Я решился на крайнее средство:
- А что ждет Джего?
- Разочарование...
- Вы прекрасно знаете, что не только разочарование.
- Да. Не только.
- Вас это даже не огорчило бы - ни сейчас, ни в юности. Верно? Вы всегда были в себе уверены - не то что Пол Джего. Ни чины, ни должности вам для самоутверждения не нужны. Вас никогда не привлекало ректорство или президентство в каком-нибудь фешенебельном академическом клубе. Такие люди, как вы, не стремятся к должностному могуществу. А вот Джего эта поддержка очень нужна. Больше того - _необходима_. Трудно даже представить себе, как он будет мучиться, если его не изберут в ректоры. Вы вот сказали - разочарование.
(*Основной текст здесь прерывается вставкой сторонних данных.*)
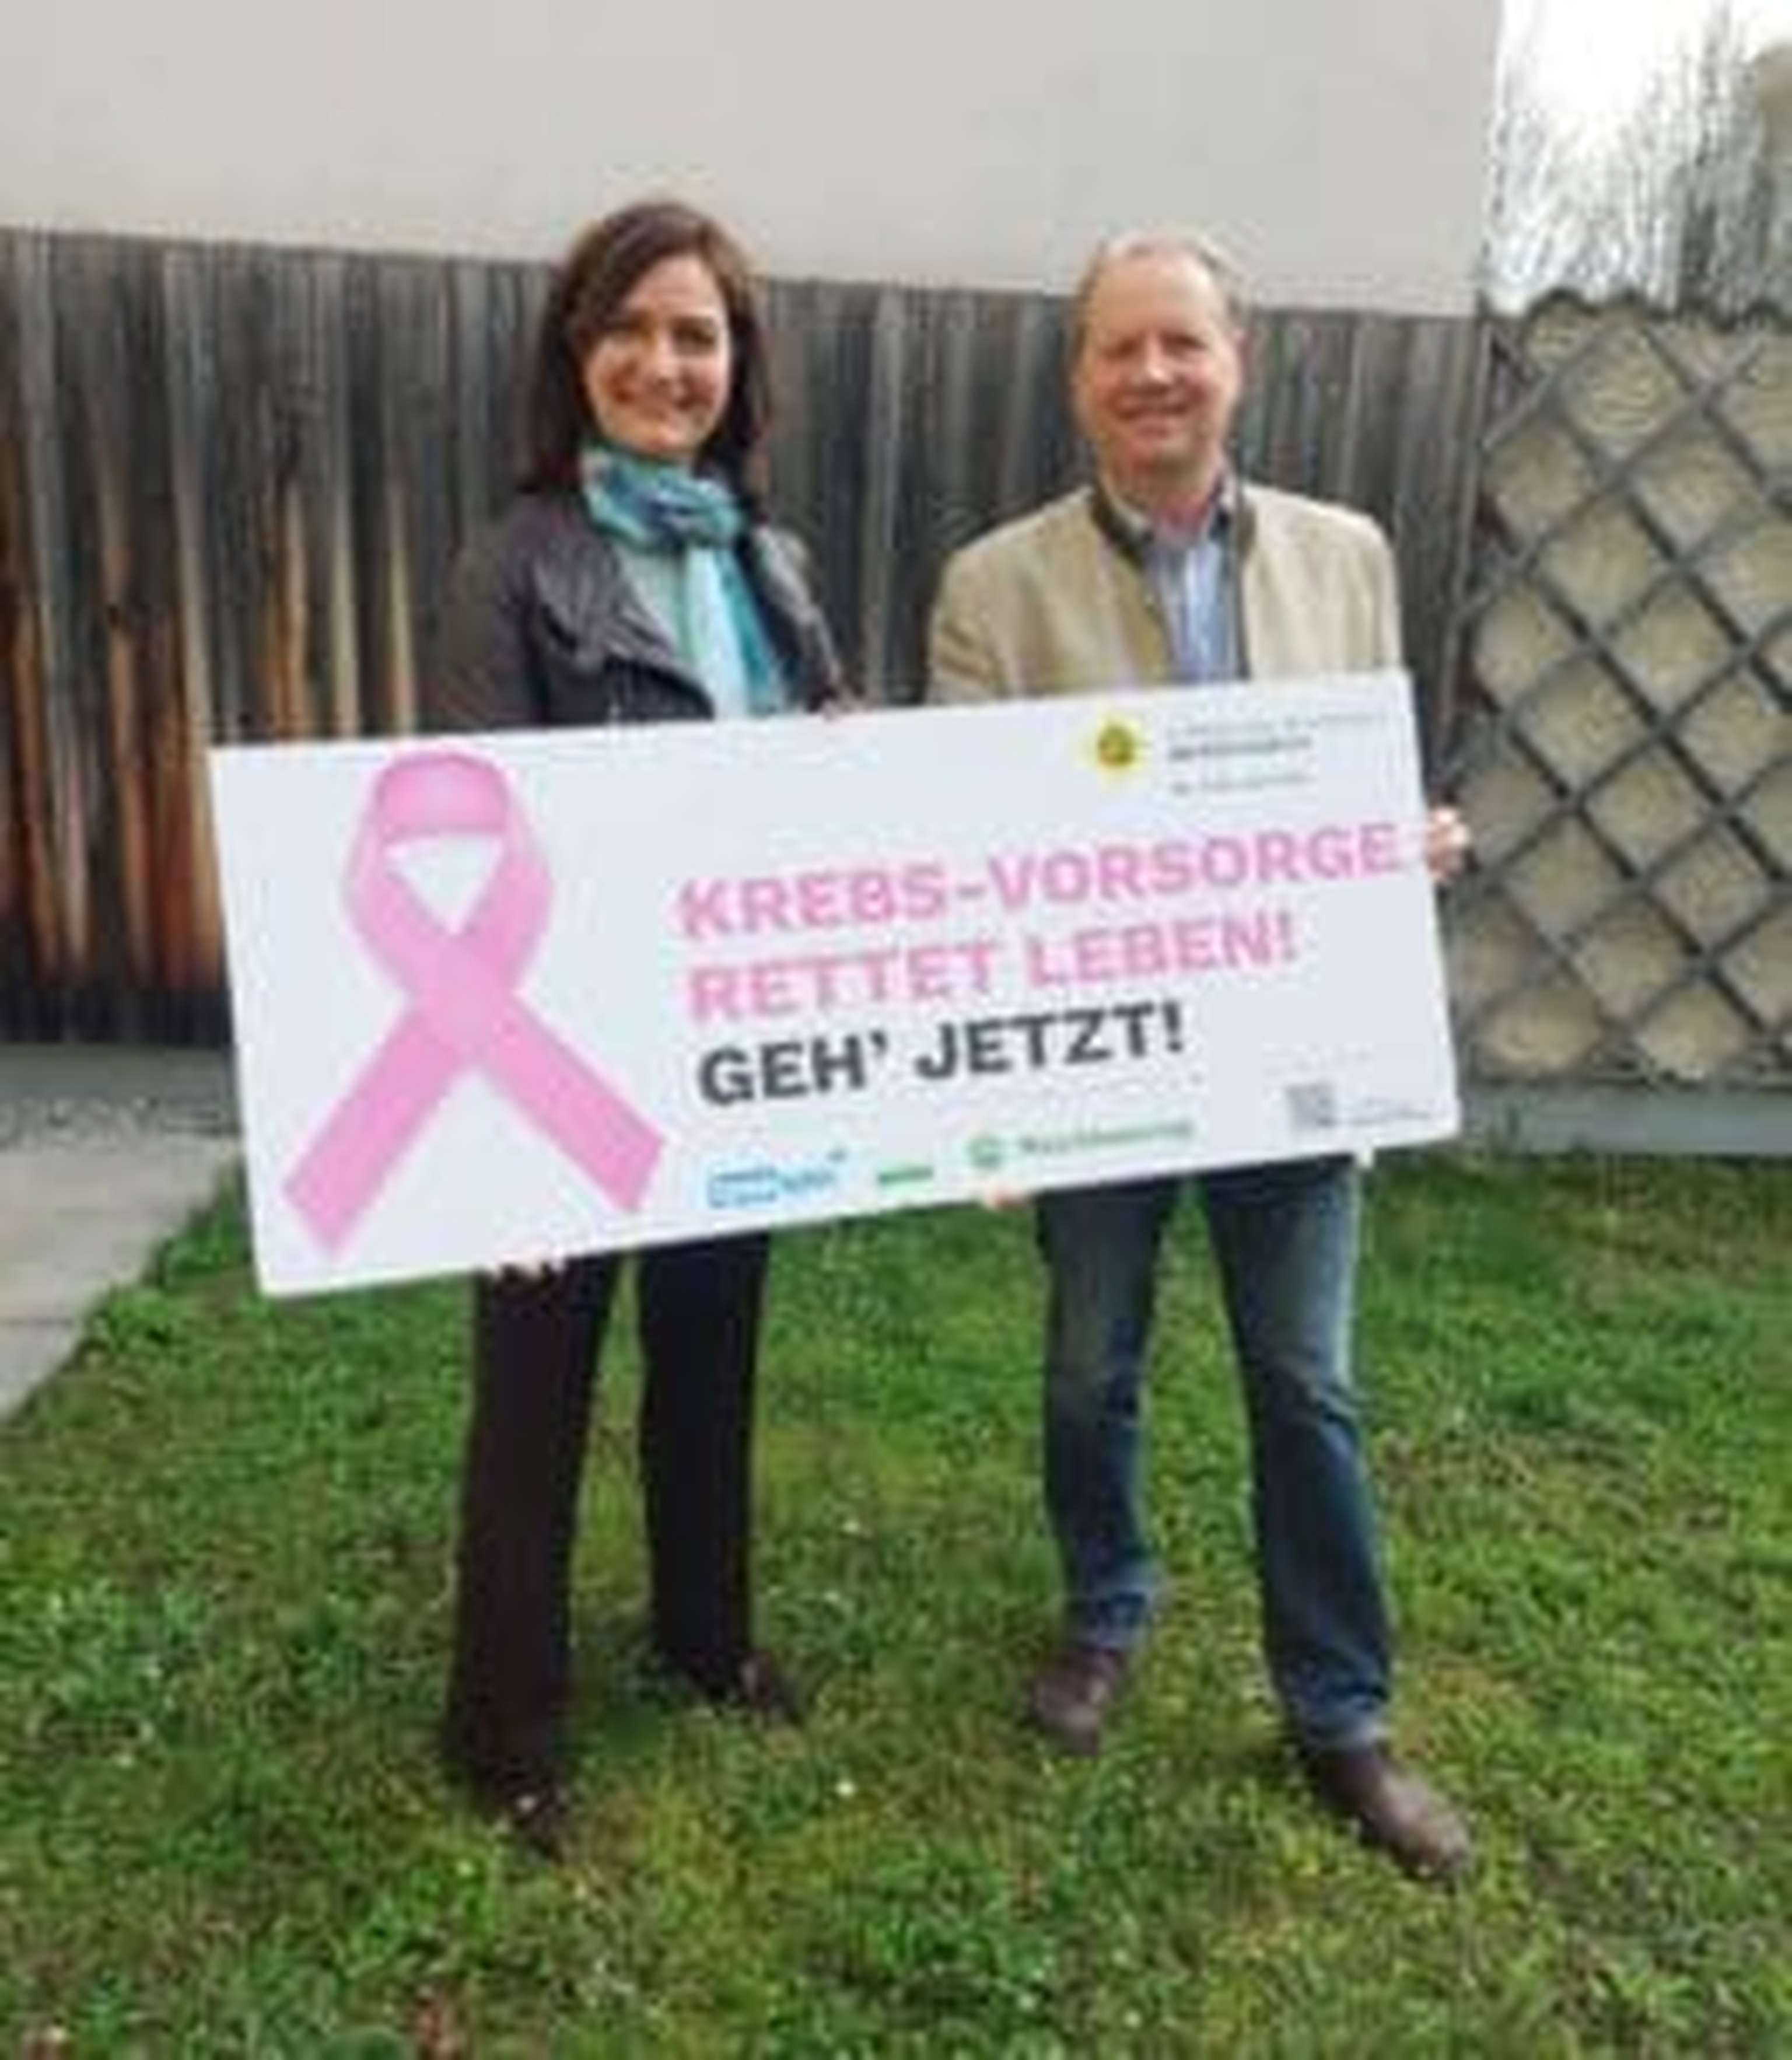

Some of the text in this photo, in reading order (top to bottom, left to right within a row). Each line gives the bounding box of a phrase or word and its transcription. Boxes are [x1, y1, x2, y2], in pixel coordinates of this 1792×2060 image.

Нет, Пилброу, для него это будет страшным, сокрушительным ударом.
Я помолчал и спросил:
- Вы согласны со мной?
- Согласен, - нехотя ответил Пилброу.
- И что же?
- Я ему очень сочувствую, - сказал Пилброу. - Но со временем все забывается. Они всегда...
Он говорил равнодушно, почти беззаботно, и я понял, что ничего у меня не вышло. Через несколько минут к нему вернулась уверенная энергичность, его глаза вспыхнули, он весь подобрался и напористо, резко проговорил:
- Я почувствовал бы себя жалким предателем, если кто-нибудь мог бы сказать, что в трудную минуту я не поддержал единомышленников. У меня мало сил, но я сделаю все, что смогу. Надеюсь, несколько лет в моем распоряжении еще есть.
Я понимал, что ничего у меня не вышло. Все было кончено. Теперь никто не переубедил бы Пилброу. Он твердо и бесповоротно решил голосовать за Кроуфорда.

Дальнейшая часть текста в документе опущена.